Have you all read the BBC item linked and watched the interview with the Prof.
You are giving him a vast amount of leeway & benefit of the doubt.
Do you agree that him comparing taking ADs (note he refers to both SSRIs and ADs generally on this point) to smoking and drinking in pregnancy is appropriate. Do you think his stance that women should be "discouraged" from taking ADs in the same was as they are discouraged from drinking or smoking.
Do you think it is appropriate for the BBC to report this piece without any of the usual things they put in this type of piece re if you have any concerns please talk to your doctor. Especially given that the group at risk of reacting here is women who are pregnant and depressed and/or anxious.
If he has said, some studies show there is an increased risk associated with SSRIs, guidance is changing for HCPs, women who are on these drugs / in a situation where they may go on these drugs should have the risks explained to them. Any women who are worried should see their doc and not just stop taking drugs without seeing the doc. Then fine. That is not what he said though.
link to BBC piece including interview
It's not the Prof's fault that the BBC web story doesn't include the usual caveat about 'if you have any concerns, please see your doctor'. That's an error by the BBC.
He doesn't say 'stop taking the drugs immediately' or 'no women should take ADs just in case she gets pregnant'. He's raising a legitimate area of concern. About new evidence on the risk of certain medicines for pregnant woman. What do you expect him to do, bury the evidence? That's what the manufacturers did with Seroxat and IMO people's lives were put at risk as a result.
Certainly once the evidence had been made public - by Panorama, jointly with a print publication - the warnings were eventually changed so that it is no longer prescribed to young people due to the increased risk of suicide. Draw your own conclusions about what happened before then.
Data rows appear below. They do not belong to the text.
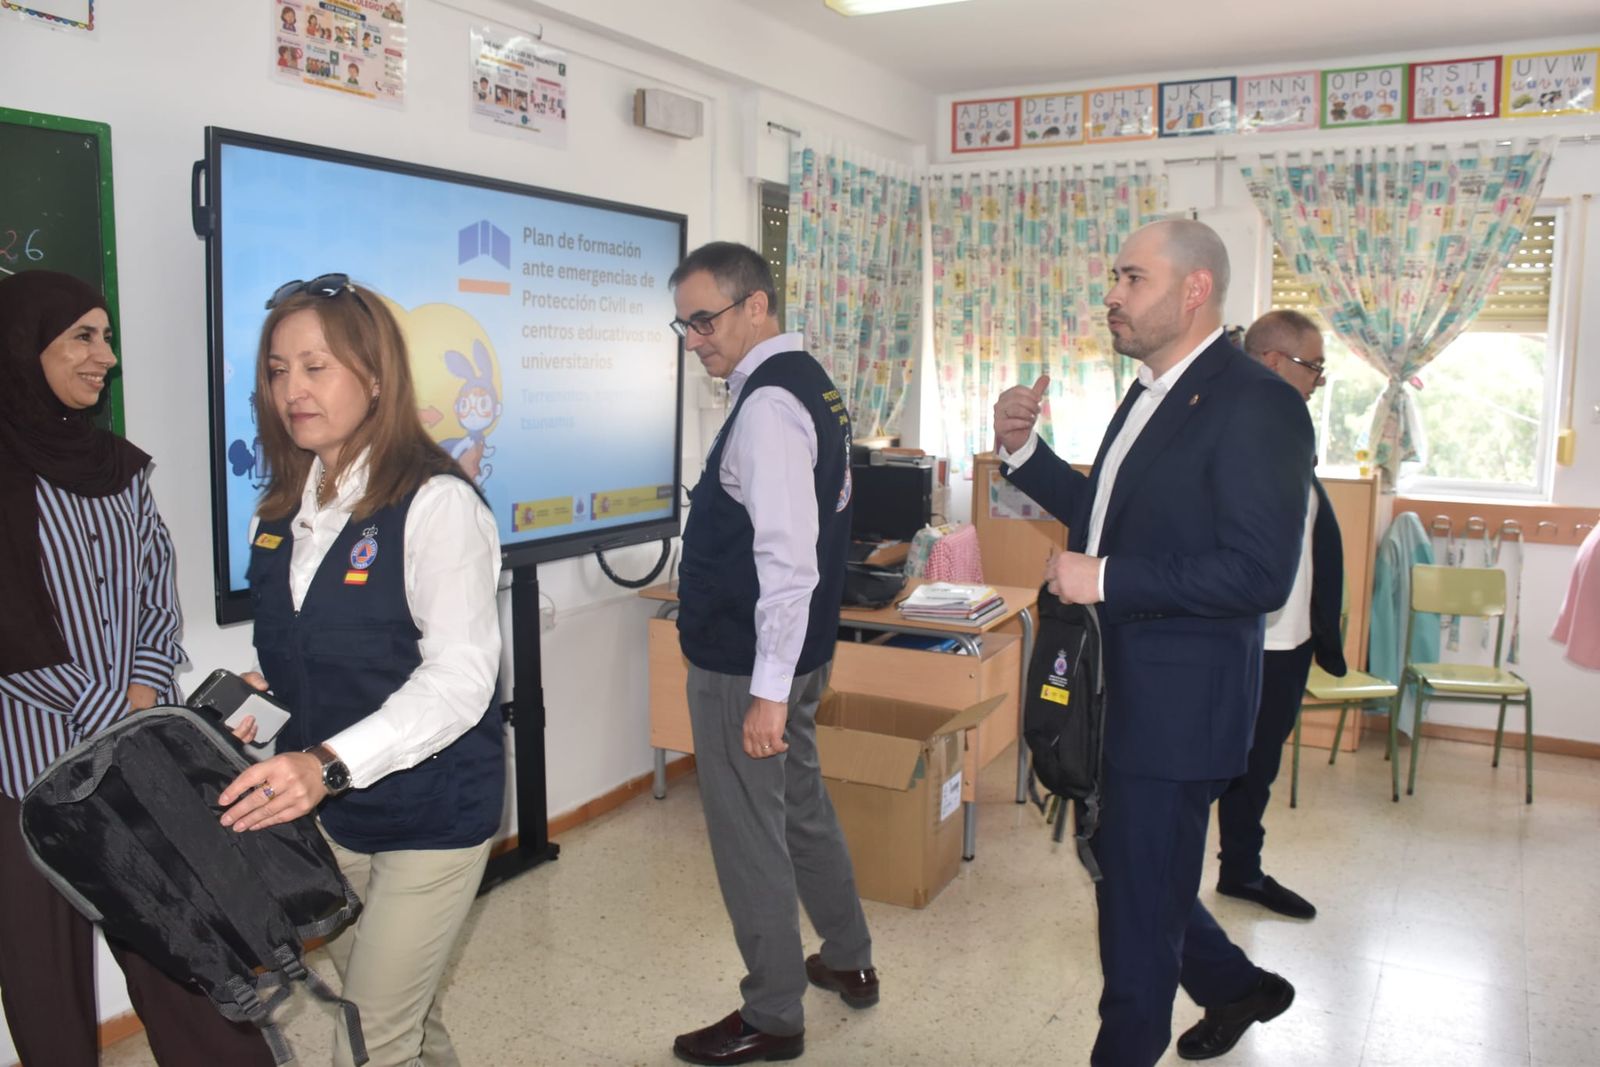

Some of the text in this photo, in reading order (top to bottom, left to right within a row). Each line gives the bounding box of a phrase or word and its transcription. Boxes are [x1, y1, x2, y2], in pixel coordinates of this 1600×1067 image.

[523, 226, 641, 258] Plan de formación
[522, 262, 655, 288] ante emergencias de
[522, 289, 644, 315] Protección Civil en
[522, 324, 663, 343] centros educativos no
[521, 352, 614, 370] universitarios
Panorama does deserve credit for (jointly) revealing the Seroxat scandal. Which may even have saved a few lives - by encouraging people to go back to their docs and ask about the medicine they were taking.
Yes. From the top, I have said I have a major issue with the scaremongering way this was reported by the BBC (and probably other publications).
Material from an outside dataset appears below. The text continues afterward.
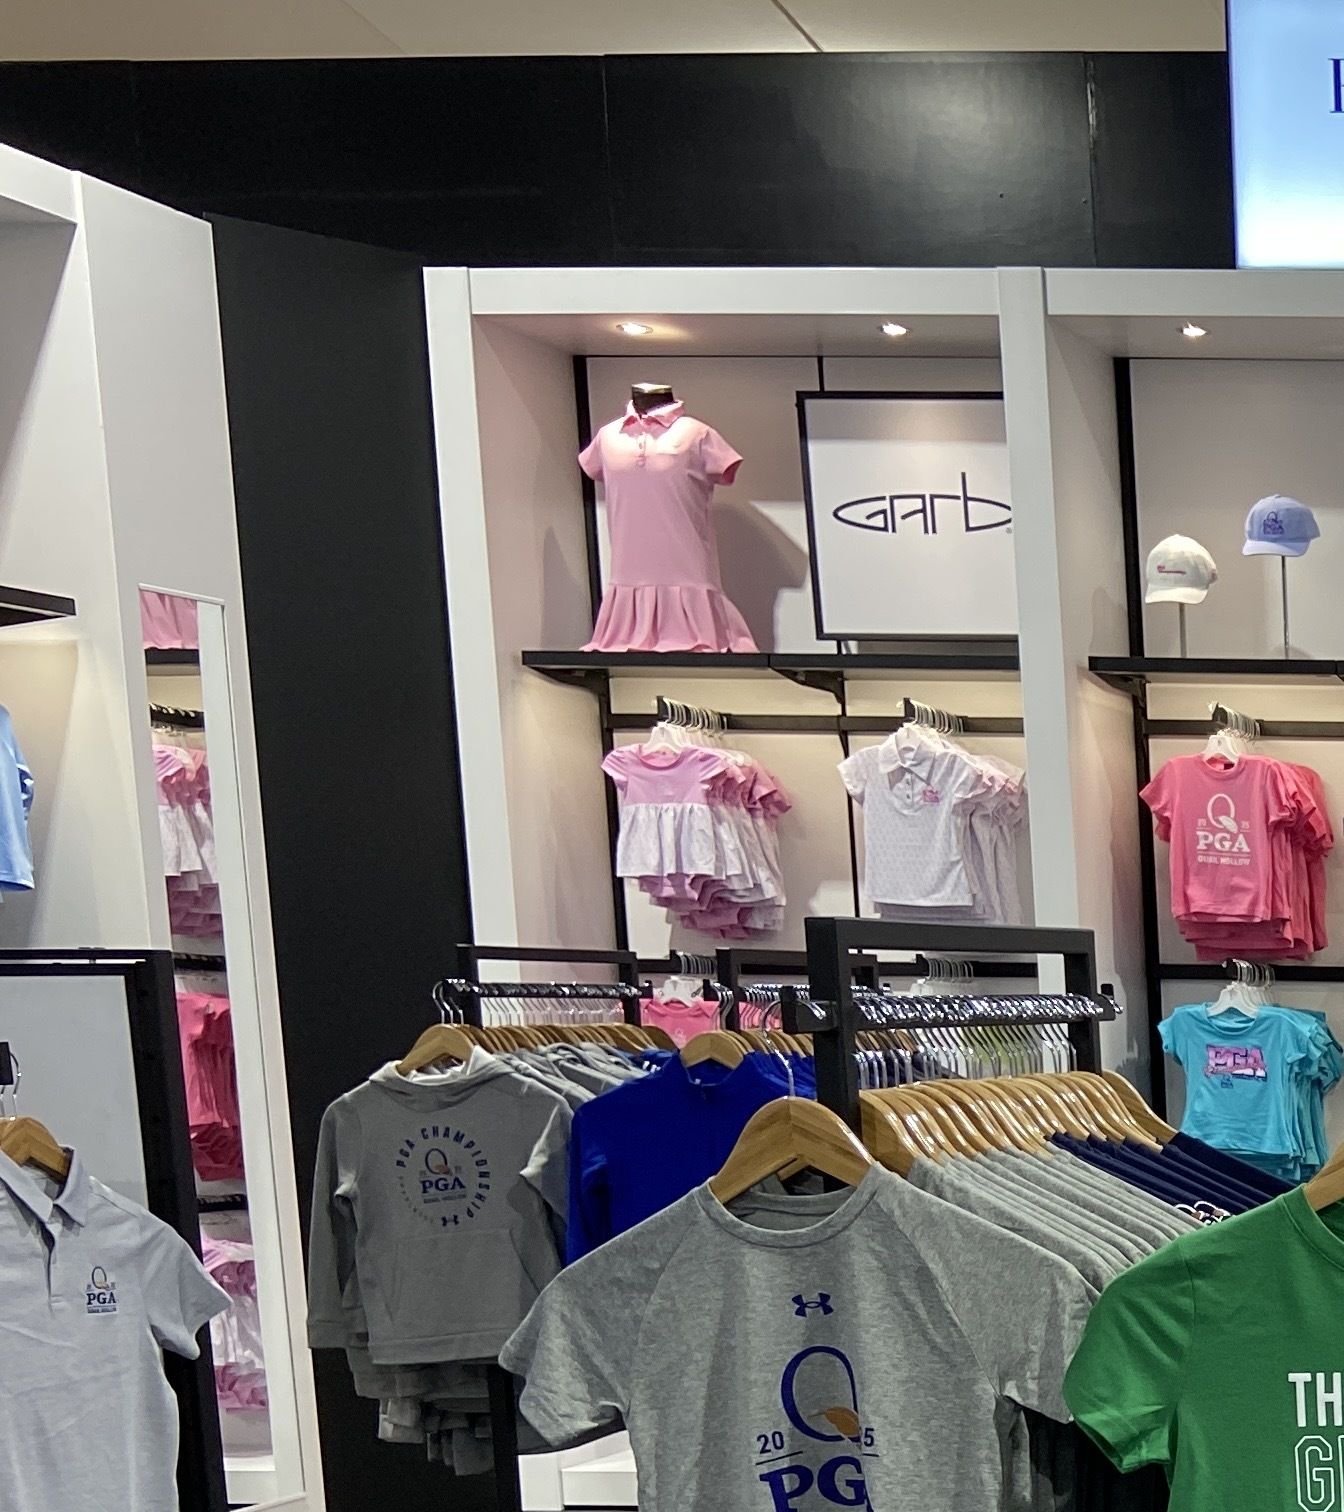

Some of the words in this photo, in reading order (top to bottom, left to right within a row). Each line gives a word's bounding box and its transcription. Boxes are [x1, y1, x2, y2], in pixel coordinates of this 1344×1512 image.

I also have a problem with the interview linked on the BBC. This is a professional man, a Professor, who works for NICE. He should not be doing things like using "SSRI" and "anti-depressant" interchangeably. He should not be saying that women should be "discouraged" from taking anti-depressants as they are drinking and smoking, in pregnancy. He should be saying that guidance is changing and women who are prescribed anti-depressants for their mental health problems should be made aware of the risks, and HCPs should follow the new guidance, which may include changing their medication. These are pretty basic mistakes for a highly qualified person to make, in an interview which he knows will be shown to the public.
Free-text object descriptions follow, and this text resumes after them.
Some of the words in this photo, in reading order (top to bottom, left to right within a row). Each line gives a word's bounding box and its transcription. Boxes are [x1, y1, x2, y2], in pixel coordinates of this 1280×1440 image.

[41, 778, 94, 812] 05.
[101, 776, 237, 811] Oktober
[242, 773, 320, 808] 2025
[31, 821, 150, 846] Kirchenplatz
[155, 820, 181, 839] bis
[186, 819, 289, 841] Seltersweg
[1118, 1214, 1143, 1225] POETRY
And this "He doesn't say 'stop taking the drugs immediately'" - but the audience directly affected by this news piece will be pregnant women with anxiety and depression it's not a stretch to imagine how some of them might react to reading this / seeing the interview.
There is a middle ground between what has happened (scaremongering) and burying it. And this has not struck the middle ground. The BBC piece was irresponsible as was the interview that this man gave.
Has anyone actually complained to the beeb or panorama about this?